◆ **TO DO**: Transcribe the data below exactly, but only from the line containing "this 1250×1874 image." through its final line, both included.

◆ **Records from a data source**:
***
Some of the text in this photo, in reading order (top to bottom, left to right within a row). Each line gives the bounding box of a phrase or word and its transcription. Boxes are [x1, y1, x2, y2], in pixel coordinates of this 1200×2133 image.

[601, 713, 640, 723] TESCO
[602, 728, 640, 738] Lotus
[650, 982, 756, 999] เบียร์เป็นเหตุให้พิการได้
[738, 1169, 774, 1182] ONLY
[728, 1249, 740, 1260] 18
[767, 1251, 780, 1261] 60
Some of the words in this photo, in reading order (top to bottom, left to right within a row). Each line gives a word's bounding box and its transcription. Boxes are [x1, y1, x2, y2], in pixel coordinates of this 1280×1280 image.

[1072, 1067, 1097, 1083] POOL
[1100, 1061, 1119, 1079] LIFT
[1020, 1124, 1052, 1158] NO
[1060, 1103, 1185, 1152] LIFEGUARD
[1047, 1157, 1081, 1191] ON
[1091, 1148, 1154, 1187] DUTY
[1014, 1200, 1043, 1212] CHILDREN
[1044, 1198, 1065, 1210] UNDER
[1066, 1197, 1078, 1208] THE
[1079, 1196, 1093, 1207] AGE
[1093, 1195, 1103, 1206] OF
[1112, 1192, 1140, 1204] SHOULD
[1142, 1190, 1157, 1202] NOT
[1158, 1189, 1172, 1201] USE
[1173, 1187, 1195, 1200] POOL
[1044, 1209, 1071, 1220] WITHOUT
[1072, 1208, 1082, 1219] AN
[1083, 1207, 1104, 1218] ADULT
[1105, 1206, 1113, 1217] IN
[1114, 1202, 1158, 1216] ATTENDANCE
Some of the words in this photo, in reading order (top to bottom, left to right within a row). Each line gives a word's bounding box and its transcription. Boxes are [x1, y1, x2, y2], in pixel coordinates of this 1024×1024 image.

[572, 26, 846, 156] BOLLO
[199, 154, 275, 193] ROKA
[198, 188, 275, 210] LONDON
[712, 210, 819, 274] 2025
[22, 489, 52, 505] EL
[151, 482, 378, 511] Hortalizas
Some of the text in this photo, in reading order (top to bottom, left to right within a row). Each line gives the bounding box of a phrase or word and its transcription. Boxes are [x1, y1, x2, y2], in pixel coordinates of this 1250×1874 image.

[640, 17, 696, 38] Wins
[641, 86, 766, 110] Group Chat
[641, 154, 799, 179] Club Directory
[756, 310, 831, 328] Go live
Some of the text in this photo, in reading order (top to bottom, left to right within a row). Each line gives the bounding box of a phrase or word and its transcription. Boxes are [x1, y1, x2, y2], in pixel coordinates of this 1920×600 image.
***
◆ **SOLUTION TO THIS TASK**:
Some of the text in this photo, in reading order (top to bottom, left to right within a row). Each line gives the bounding box of a phrase or word and its transcription. Boxes are [x1, y1, x2, y2], in pixel coordinates of this 1250×1874 image.

[640, 17, 696, 38] Wins
[641, 86, 766, 110] Group Chat
[641, 154, 799, 179] Club Directory
[756, 310, 831, 328] Go live
Some of the text in this photo, in reading order (top to bottom, left to right within a row). Each line gives the bounding box of a phrase or word and its transcription. Boxes are [x1, y1, x2, y2], in pixel coordinates of this 1920×600 image.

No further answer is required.